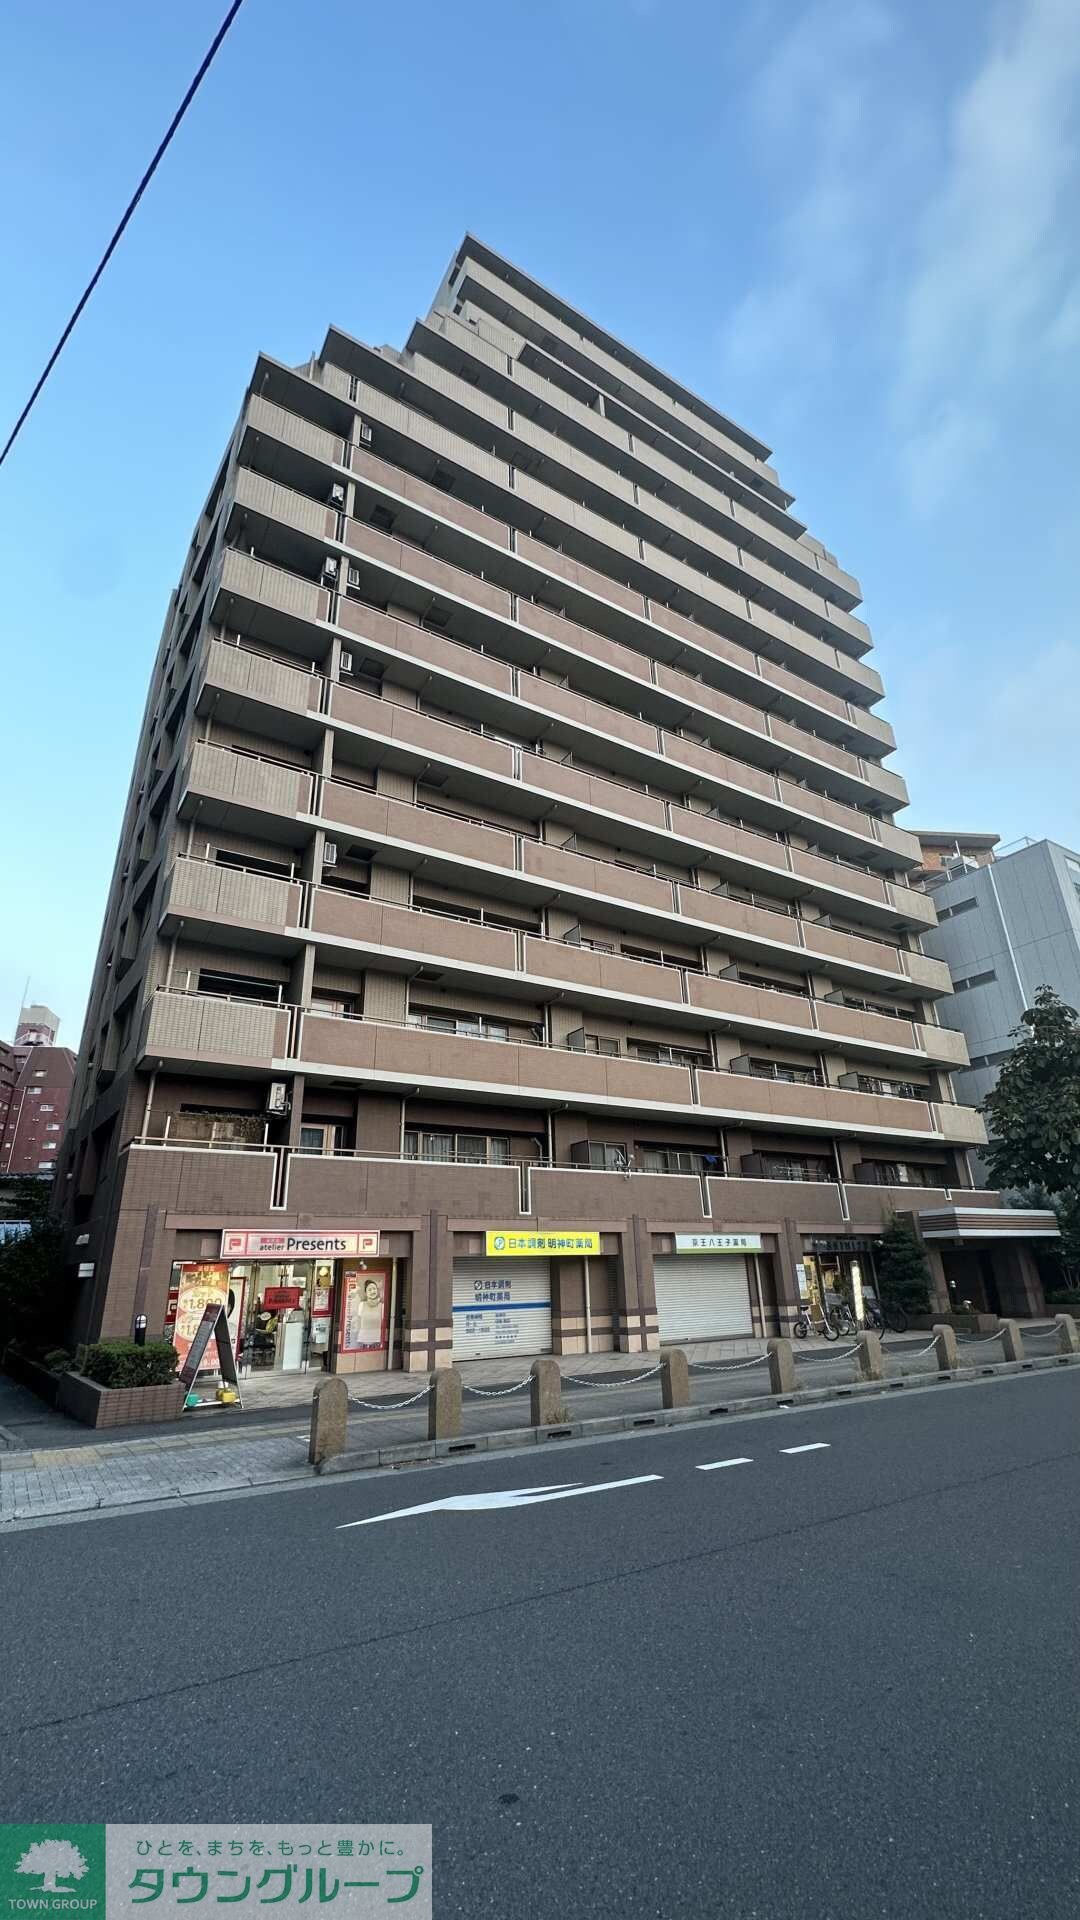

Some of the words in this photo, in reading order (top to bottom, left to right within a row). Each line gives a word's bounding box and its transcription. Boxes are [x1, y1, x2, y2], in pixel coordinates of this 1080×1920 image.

[259, 1243, 285, 1251] atelier
[287, 1237, 347, 1251] Presents
[691, 1238, 747, 1248] 京王八王子薬局
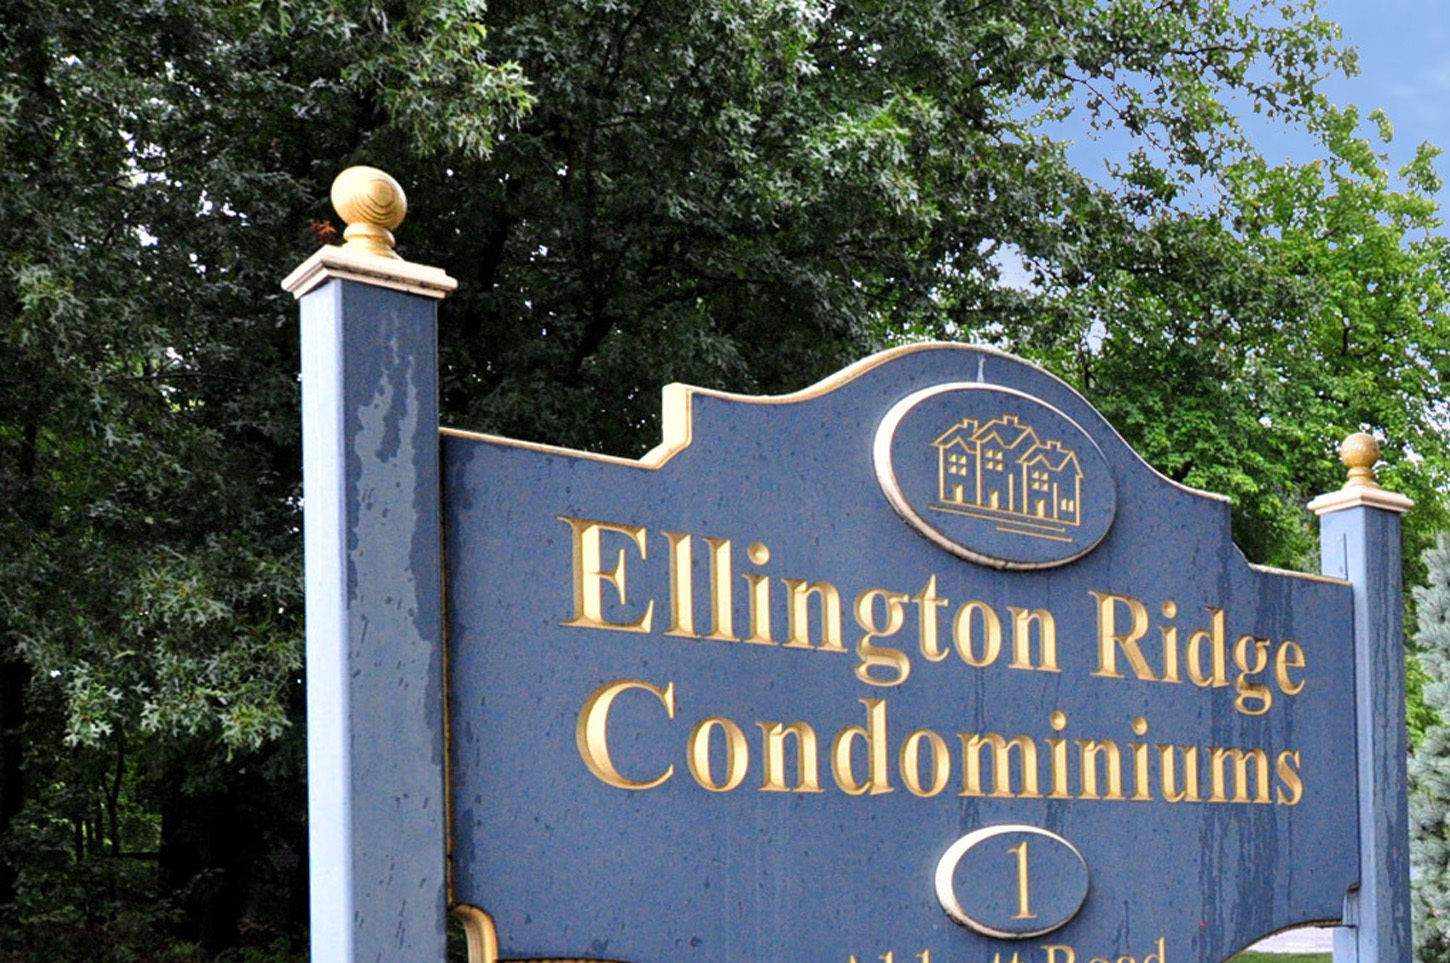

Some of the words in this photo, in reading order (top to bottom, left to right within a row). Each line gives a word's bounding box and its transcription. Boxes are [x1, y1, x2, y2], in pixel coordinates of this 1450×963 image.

[556, 515, 1061, 686] Ellington
[1088, 590, 1306, 715] Ridge
[576, 678, 1303, 806] Condominiums
[1007, 840, 1037, 920] 1
━━━
### WHAT TO PRODUCE
Copy the data word for word, no pictures.

### RESPONSE
Some of the words in this photo, in reading order (top to bottom, left to right within a row). Each line gives a word's bounding box and its transcription. Boxes are [x1, y1, x2, y2], in pixel coordinates of this 1080×1920 image.

[259, 1243, 285, 1251] atelier
[287, 1237, 347, 1251] Presents
[691, 1238, 747, 1248] 京王八王子薬局

Some of the words in this photo, in reading order (top to bottom, left to right within a row). Each line gives a word's bounding box and its transcription. Boxes are [x1, y1, x2, y2], in pixel coordinates of this 1450×963 image.

[556, 515, 1061, 686] Ellington
[1088, 590, 1306, 715] Ridge
[576, 678, 1303, 806] Condominiums
[1007, 840, 1037, 920] 1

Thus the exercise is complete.